What the task asks
Leaving out the pictures, output each record exactly as it stands.

Entries supplied
┌──

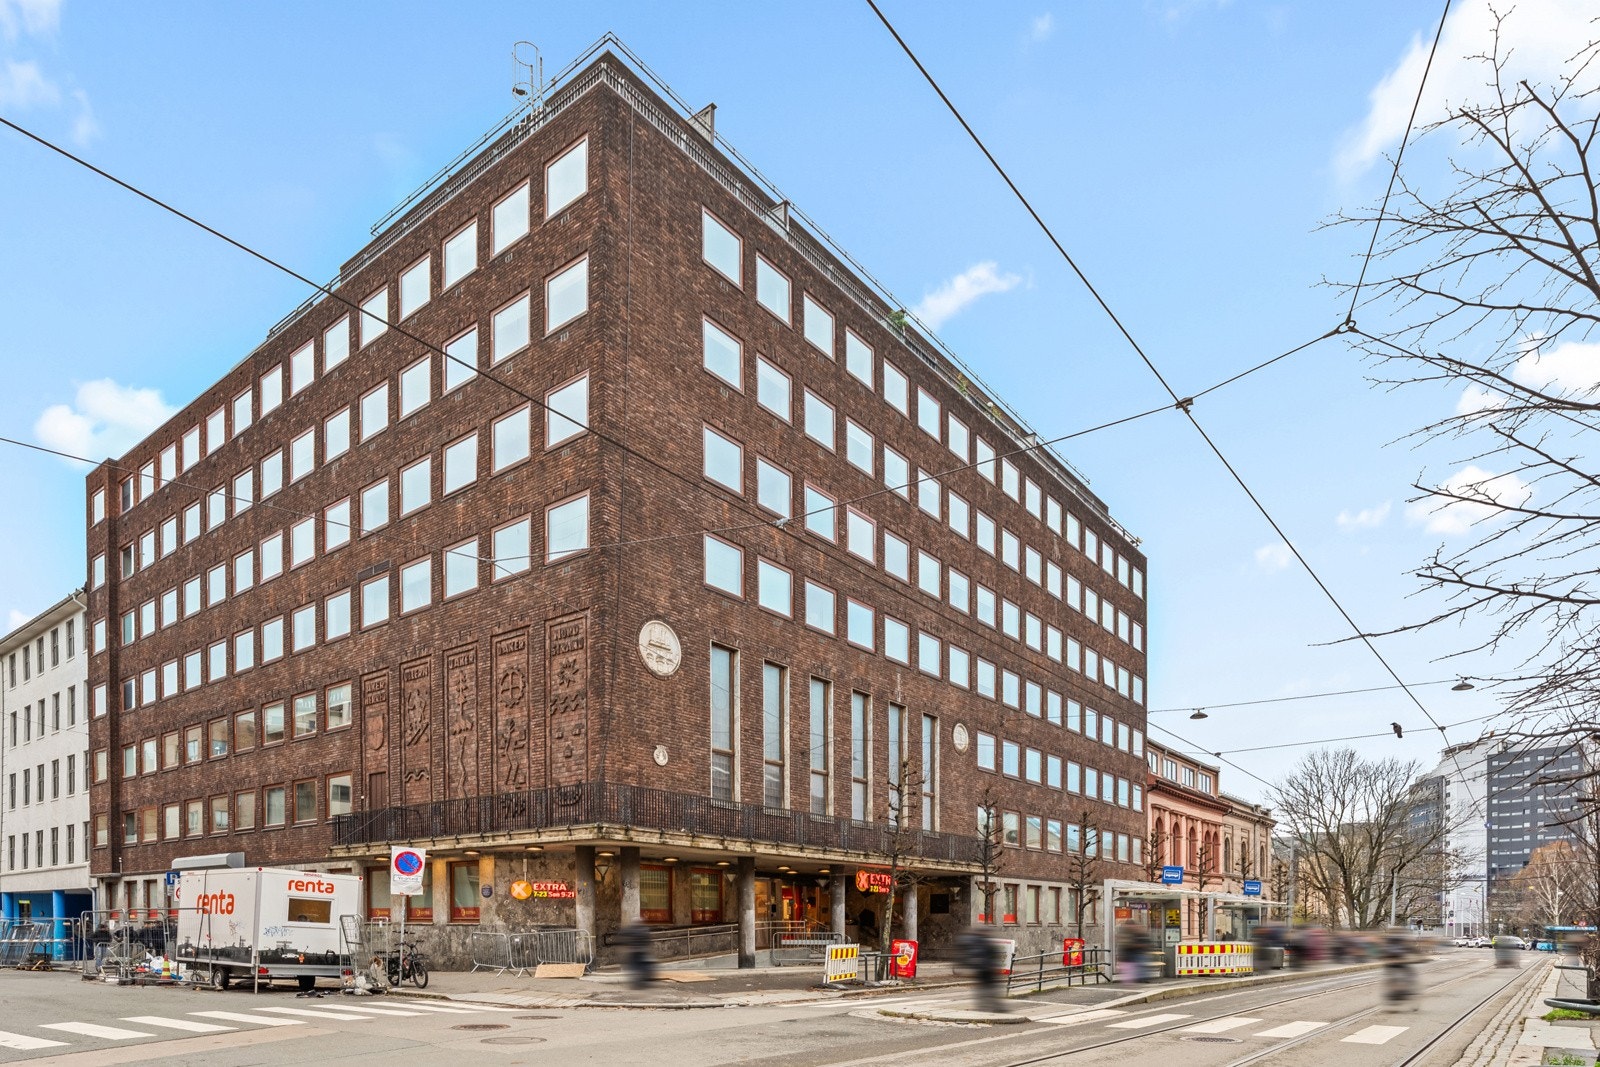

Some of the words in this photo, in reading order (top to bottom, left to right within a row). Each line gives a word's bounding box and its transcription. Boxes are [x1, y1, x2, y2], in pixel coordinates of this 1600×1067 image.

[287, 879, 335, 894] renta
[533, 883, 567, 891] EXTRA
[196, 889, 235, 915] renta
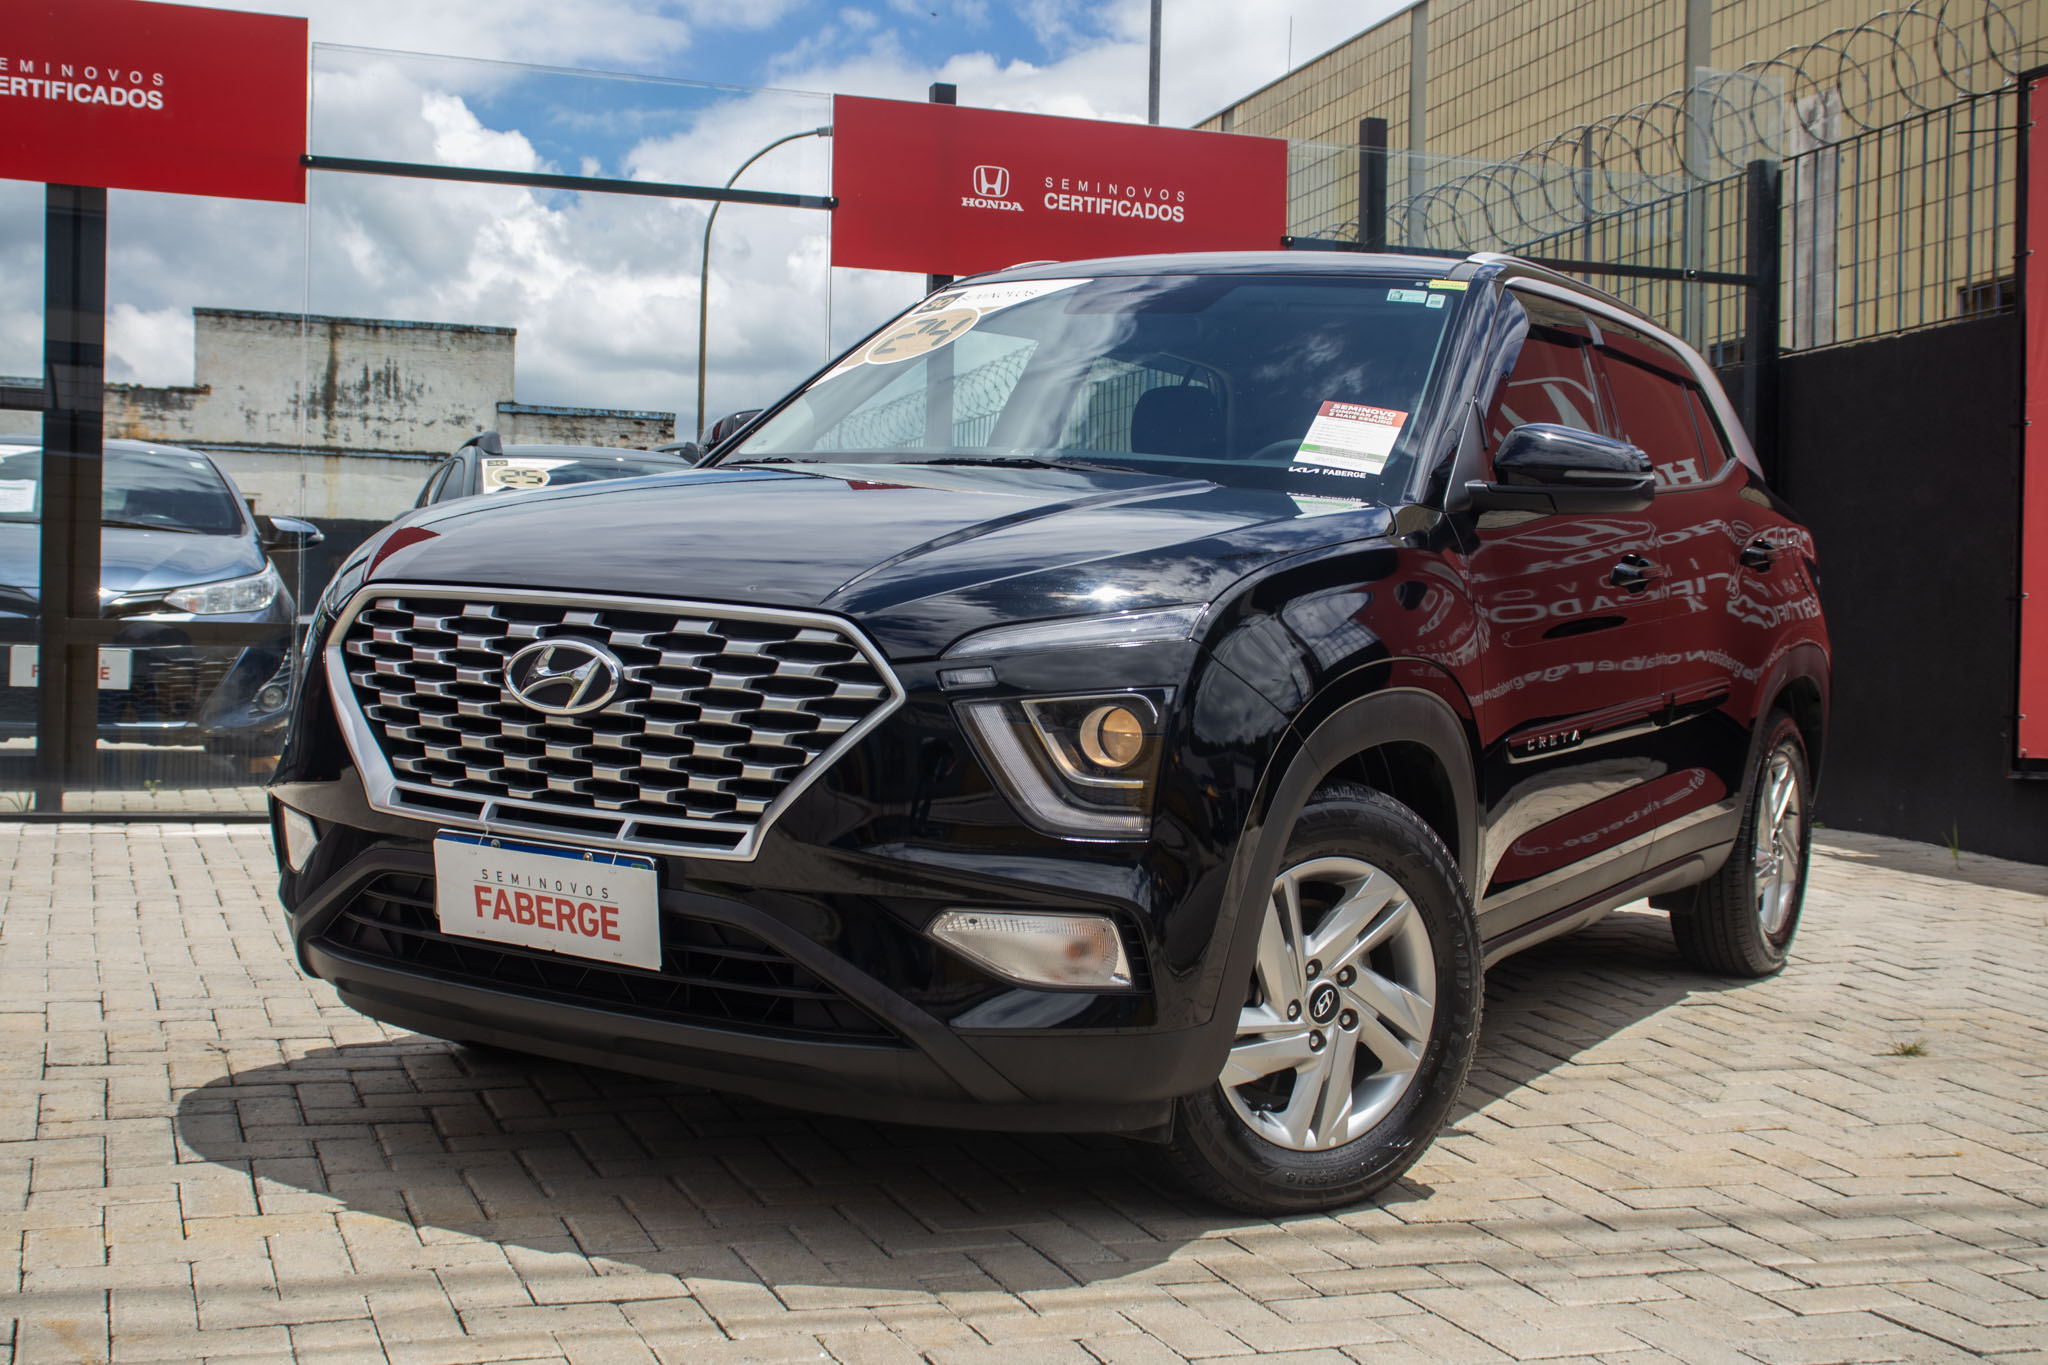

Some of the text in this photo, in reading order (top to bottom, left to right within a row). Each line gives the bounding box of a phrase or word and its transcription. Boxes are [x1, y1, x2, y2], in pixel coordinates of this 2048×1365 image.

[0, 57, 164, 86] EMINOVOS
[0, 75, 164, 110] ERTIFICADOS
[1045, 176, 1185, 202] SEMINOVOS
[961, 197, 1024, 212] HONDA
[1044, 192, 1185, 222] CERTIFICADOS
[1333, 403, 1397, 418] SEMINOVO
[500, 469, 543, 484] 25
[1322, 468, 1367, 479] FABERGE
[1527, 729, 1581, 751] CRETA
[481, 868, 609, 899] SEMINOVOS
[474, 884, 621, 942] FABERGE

└──

Response area
Some of the words in this photo, in reading order (top to bottom, left to right within a row). Each line gives a word's bounding box and its transcription. Boxes are [x1, y1, x2, y2], in pixel coordinates of this 1600×1067 image.

[287, 879, 335, 894] renta
[533, 883, 567, 891] EXTRA
[196, 889, 235, 915] renta

Some of the text in this photo, in reading order (top to bottom, left to right within a row). Each line gives the bounding box of a phrase or word and its transcription. Boxes are [x1, y1, x2, y2], in pixel coordinates of this 2048×1365 image.

[0, 57, 164, 86] EMINOVOS
[0, 75, 164, 110] ERTIFICADOS
[1045, 176, 1185, 202] SEMINOVOS
[961, 197, 1024, 212] HONDA
[1044, 192, 1185, 222] CERTIFICADOS
[1333, 403, 1397, 418] SEMINOVO
[500, 469, 543, 484] 25
[1322, 468, 1367, 479] FABERGE
[1527, 729, 1581, 751] CRETA
[481, 868, 609, 899] SEMINOVOS
[474, 884, 621, 942] FABERGE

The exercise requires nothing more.